Required action
Without any images, write the listing below out word for word.

Provided data
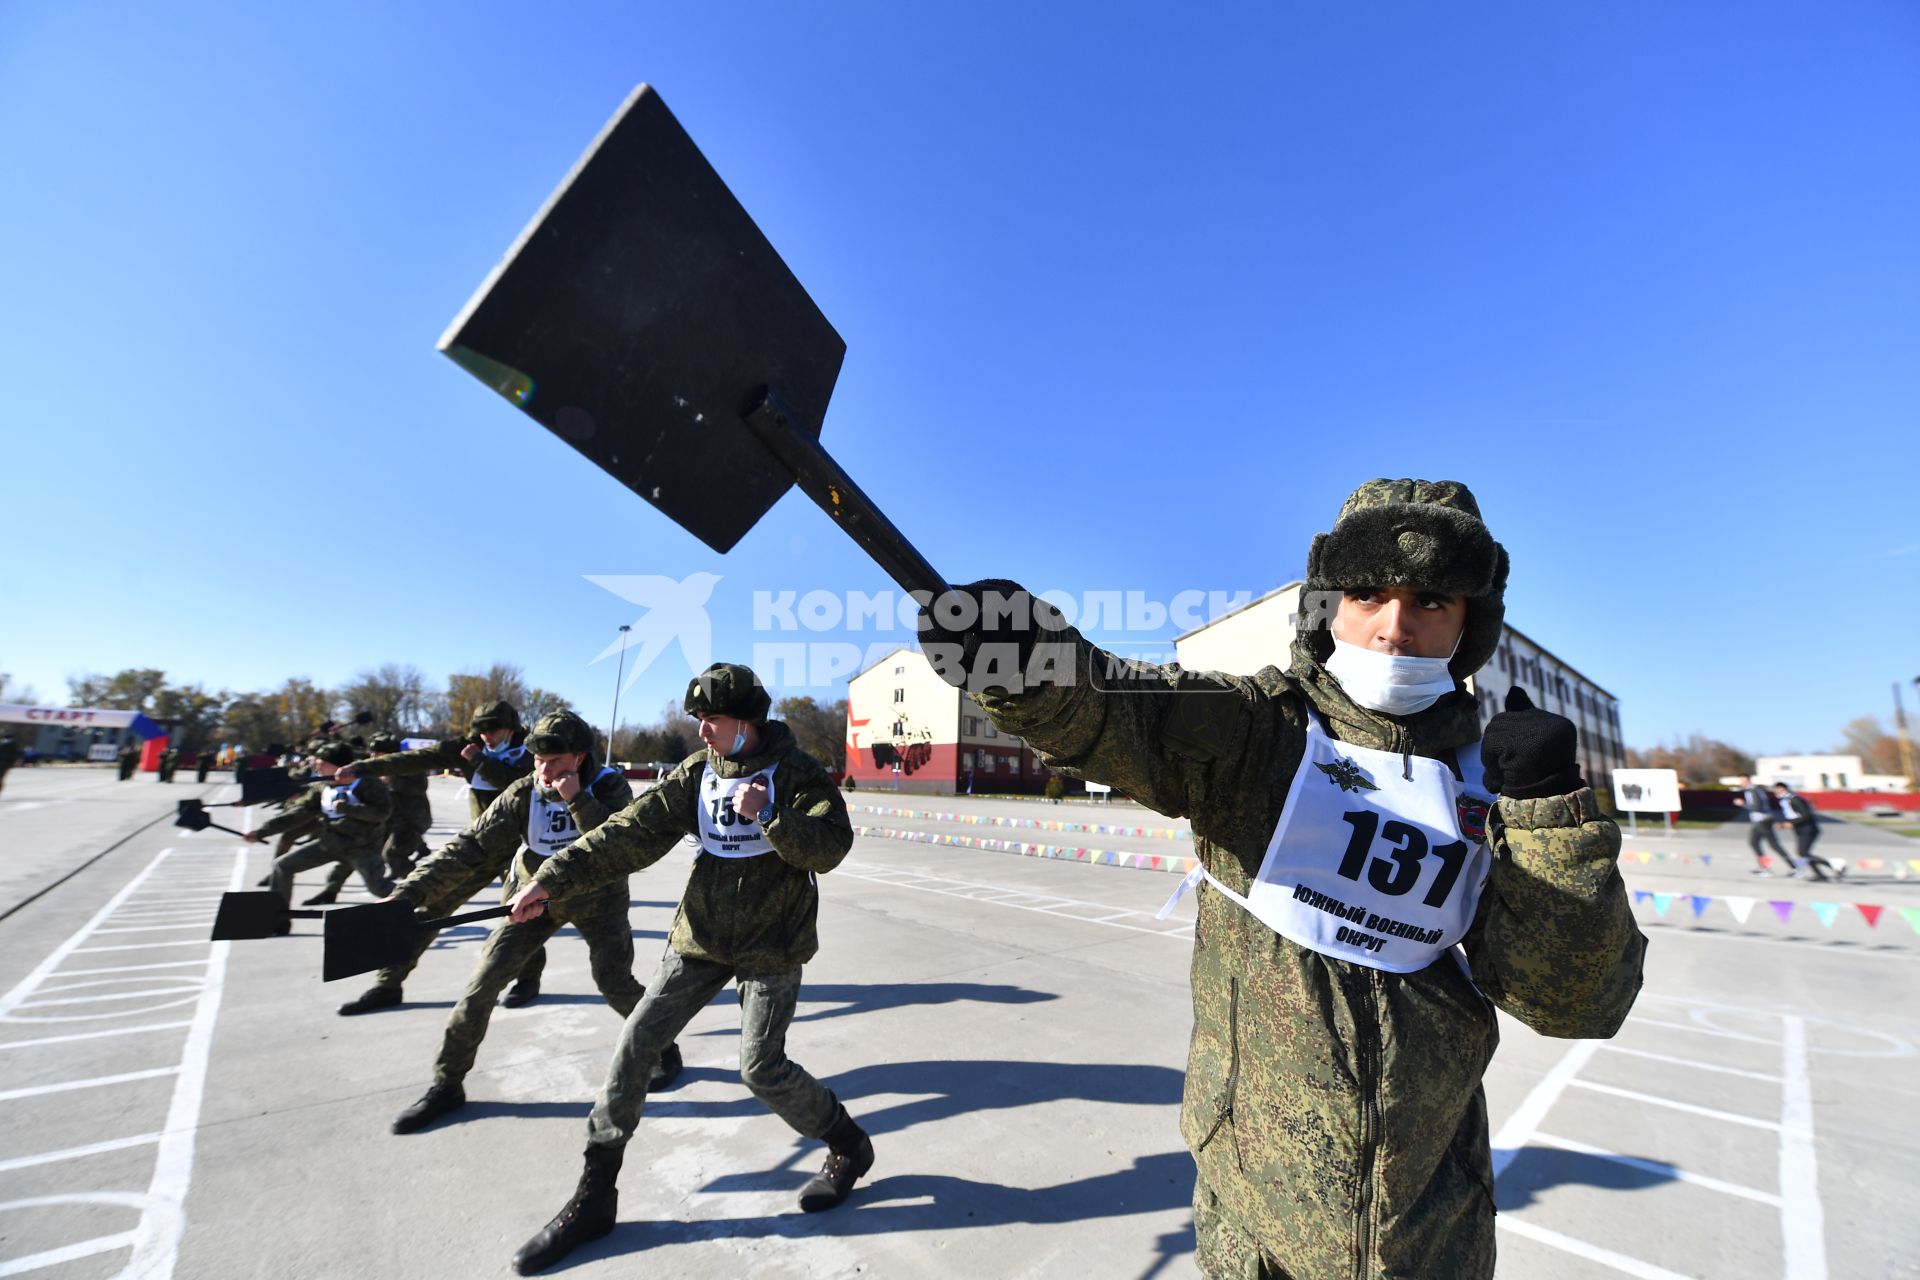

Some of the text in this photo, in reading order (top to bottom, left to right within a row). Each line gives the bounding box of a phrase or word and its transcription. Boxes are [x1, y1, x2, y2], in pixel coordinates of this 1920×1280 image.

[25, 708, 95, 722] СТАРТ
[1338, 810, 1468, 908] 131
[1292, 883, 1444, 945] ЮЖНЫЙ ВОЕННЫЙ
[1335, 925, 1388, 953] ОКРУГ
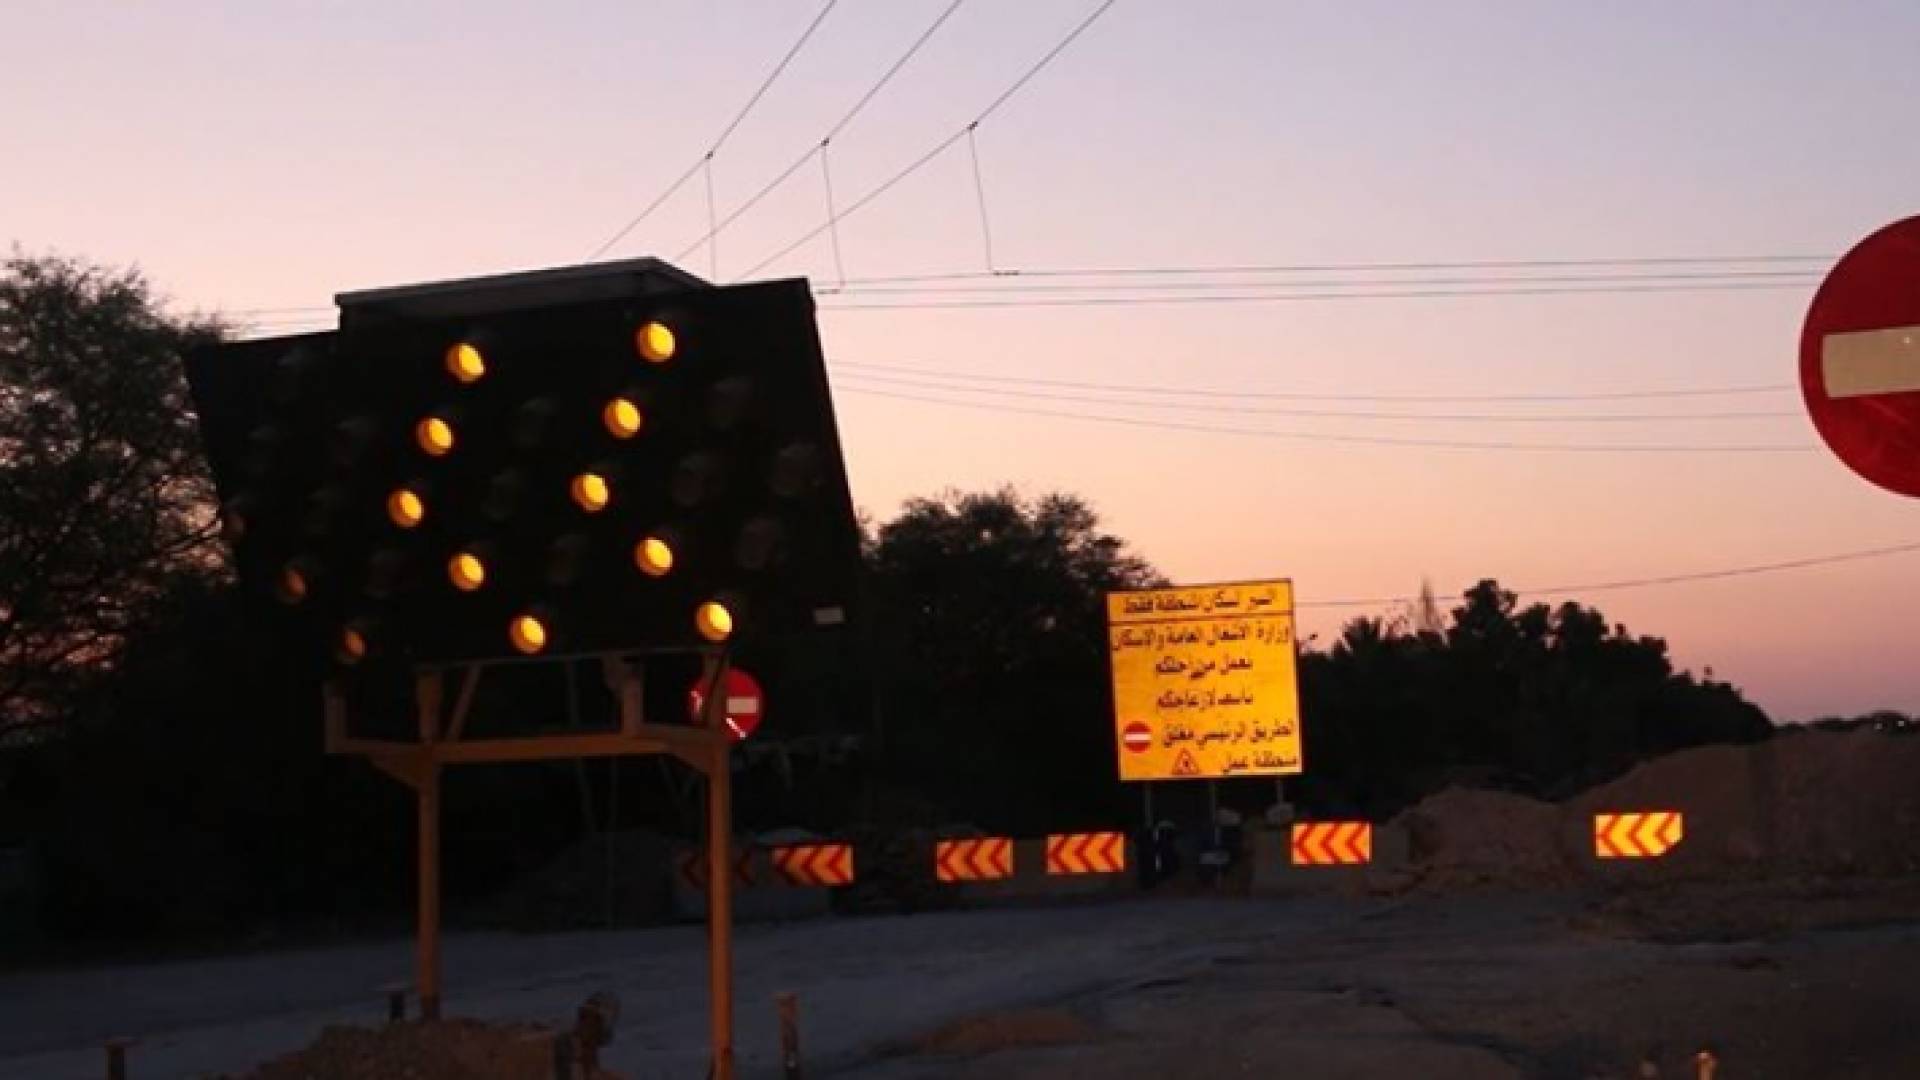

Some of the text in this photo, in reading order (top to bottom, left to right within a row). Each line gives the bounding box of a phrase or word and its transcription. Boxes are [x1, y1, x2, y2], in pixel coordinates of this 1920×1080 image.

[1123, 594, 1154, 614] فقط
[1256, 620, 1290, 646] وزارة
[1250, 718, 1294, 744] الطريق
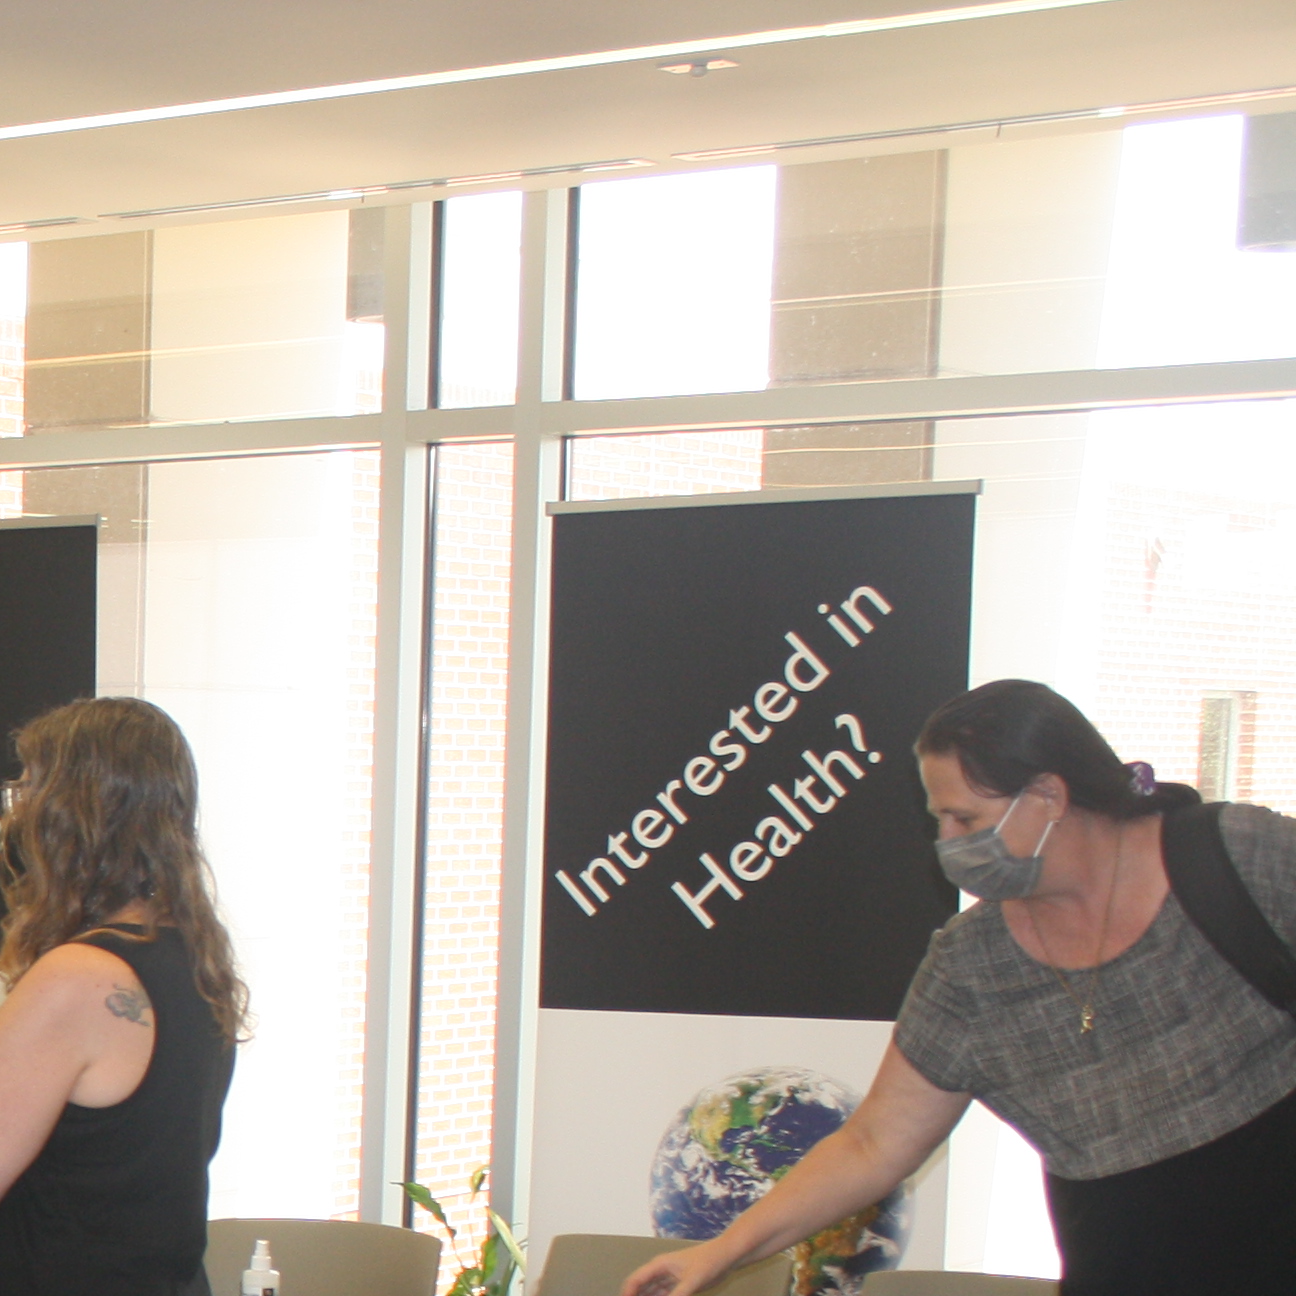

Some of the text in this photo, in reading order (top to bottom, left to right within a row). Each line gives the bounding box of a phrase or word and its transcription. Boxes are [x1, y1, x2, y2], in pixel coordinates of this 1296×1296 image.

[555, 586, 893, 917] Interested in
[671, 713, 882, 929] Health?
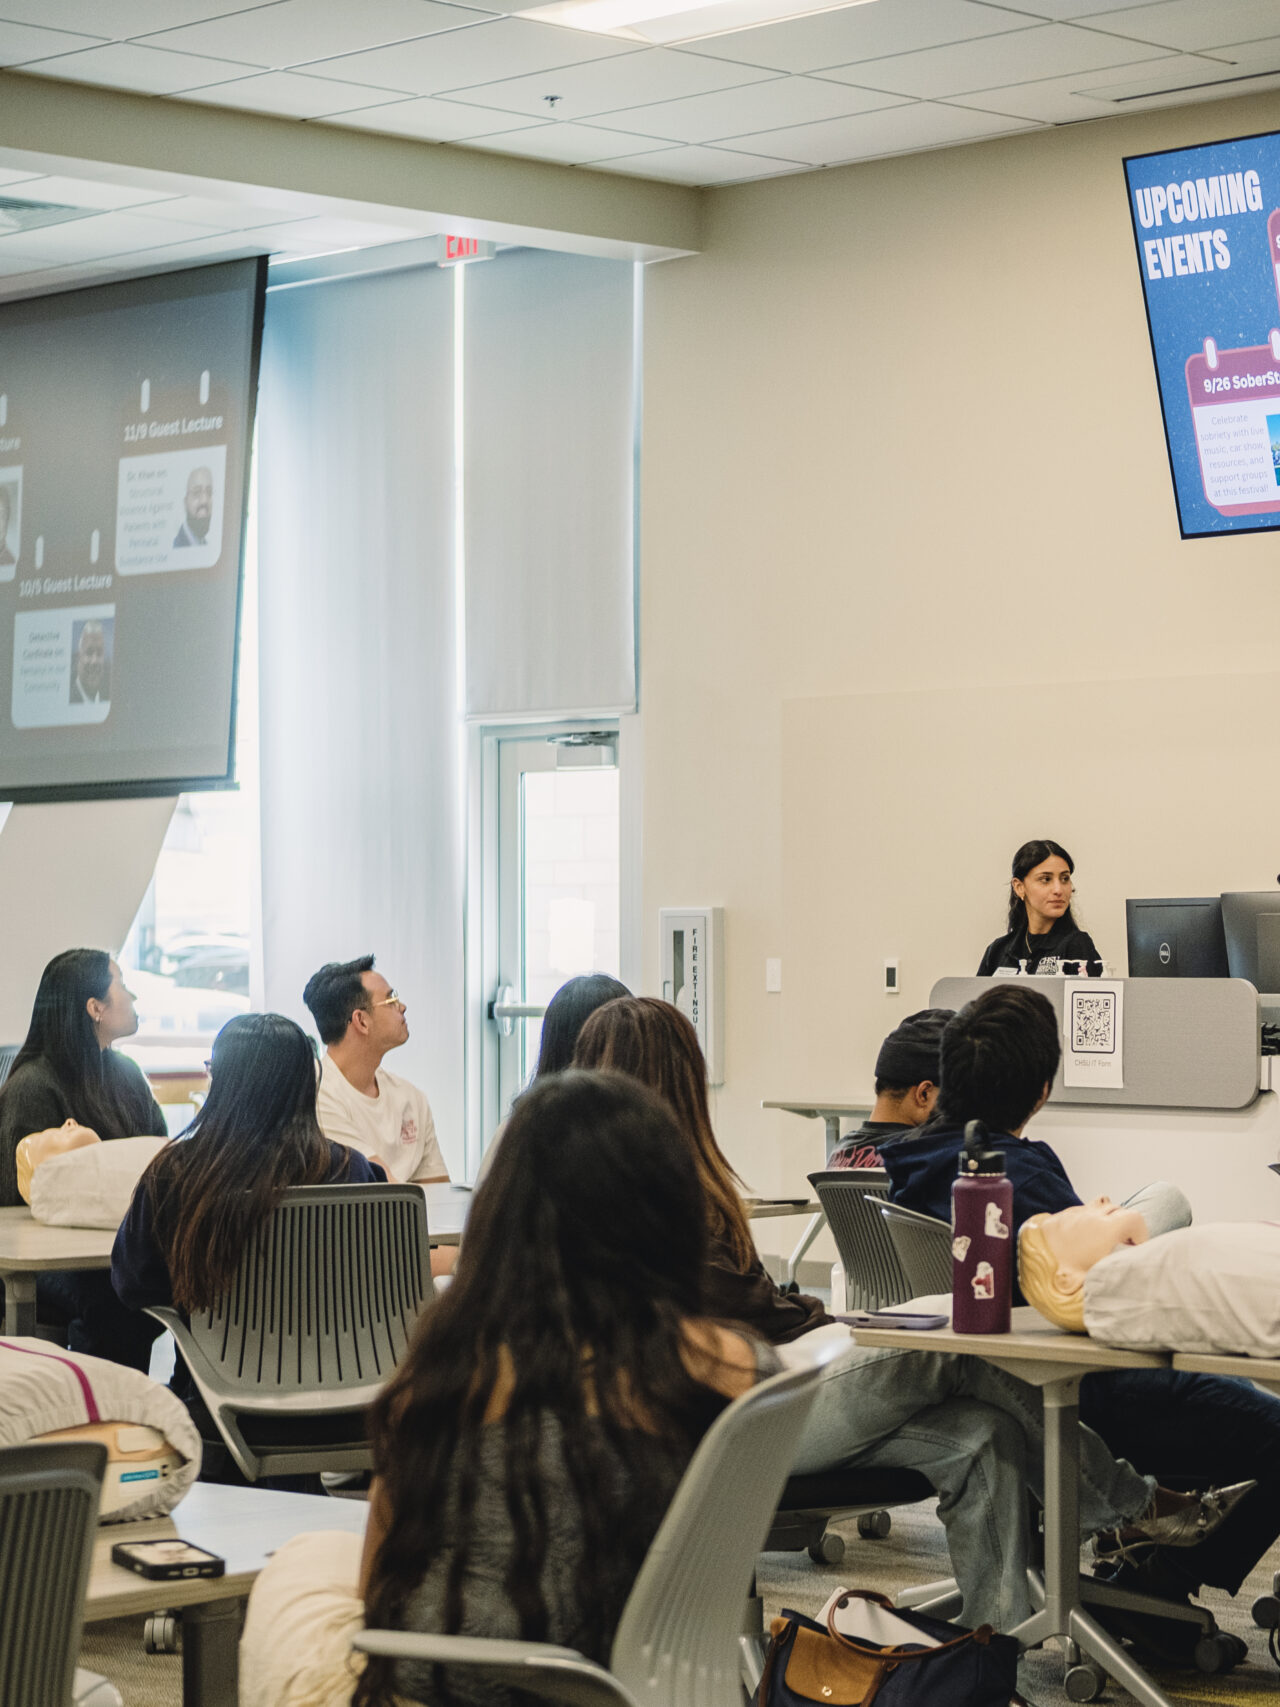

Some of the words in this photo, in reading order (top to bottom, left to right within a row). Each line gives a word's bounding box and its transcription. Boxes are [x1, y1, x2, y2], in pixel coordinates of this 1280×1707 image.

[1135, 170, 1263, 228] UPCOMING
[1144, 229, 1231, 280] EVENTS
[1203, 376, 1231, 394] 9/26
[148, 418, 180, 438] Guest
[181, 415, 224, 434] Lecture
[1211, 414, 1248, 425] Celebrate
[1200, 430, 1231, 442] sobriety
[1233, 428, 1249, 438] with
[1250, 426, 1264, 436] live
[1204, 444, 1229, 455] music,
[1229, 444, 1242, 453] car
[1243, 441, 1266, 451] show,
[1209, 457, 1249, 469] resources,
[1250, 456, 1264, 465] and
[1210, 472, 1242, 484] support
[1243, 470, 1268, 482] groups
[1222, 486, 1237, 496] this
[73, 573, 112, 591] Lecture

Response to this exercise
Some of the text in this photo, in reading order (top to bottom, left to right within a row). Each line gives the bounding box of a phrase or word and its transcription. Boxes are [x1, y1, x2, y2], in pixel coordinates of this 1920×1280 image.

[25, 708, 95, 722] СТАРТ
[1338, 810, 1468, 908] 131
[1292, 883, 1444, 945] ЮЖНЫЙ ВОЕННЫЙ
[1335, 925, 1388, 953] ОКРУГ

Some of the text in this photo, in reading order (top to bottom, left to right within a row). Each line gives the bounding box of a phrase or word and its transcription. Boxes are [x1, y1, x2, y2], in pixel coordinates of this 1920×1080 image.

[1123, 594, 1154, 614] فقط
[1256, 620, 1290, 646] وزارة
[1250, 718, 1294, 744] الطريق

Some of the text in this photo, in reading order (top to bottom, left to right within a row). Each line gives the bounding box of a phrase or word and its transcription. Boxes are [x1, y1, x2, y2], in pixel coordinates of this 1296×1296 image.

[555, 586, 893, 917] Interested in
[671, 713, 882, 929] Health?

Some of the words in this photo, in reading order (top to bottom, left to right within a row). Each line gives a word's bounding box and its transcription. Boxes are [x1, y1, x2, y2], in pixel coordinates of this 1280×1707 image.

[1135, 170, 1263, 228] UPCOMING
[1144, 229, 1231, 280] EVENTS
[1203, 376, 1231, 394] 9/26
[148, 418, 180, 438] Guest
[181, 415, 224, 434] Lecture
[1211, 414, 1248, 425] Celebrate
[1200, 430, 1231, 442] sobriety
[1233, 428, 1249, 438] with
[1250, 426, 1264, 436] live
[1204, 444, 1229, 455] music,
[1229, 444, 1242, 453] car
[1243, 441, 1266, 451] show,
[1209, 457, 1249, 469] resources,
[1250, 456, 1264, 465] and
[1210, 472, 1242, 484] support
[1243, 470, 1268, 482] groups
[1222, 486, 1237, 496] this
[73, 573, 112, 591] Lecture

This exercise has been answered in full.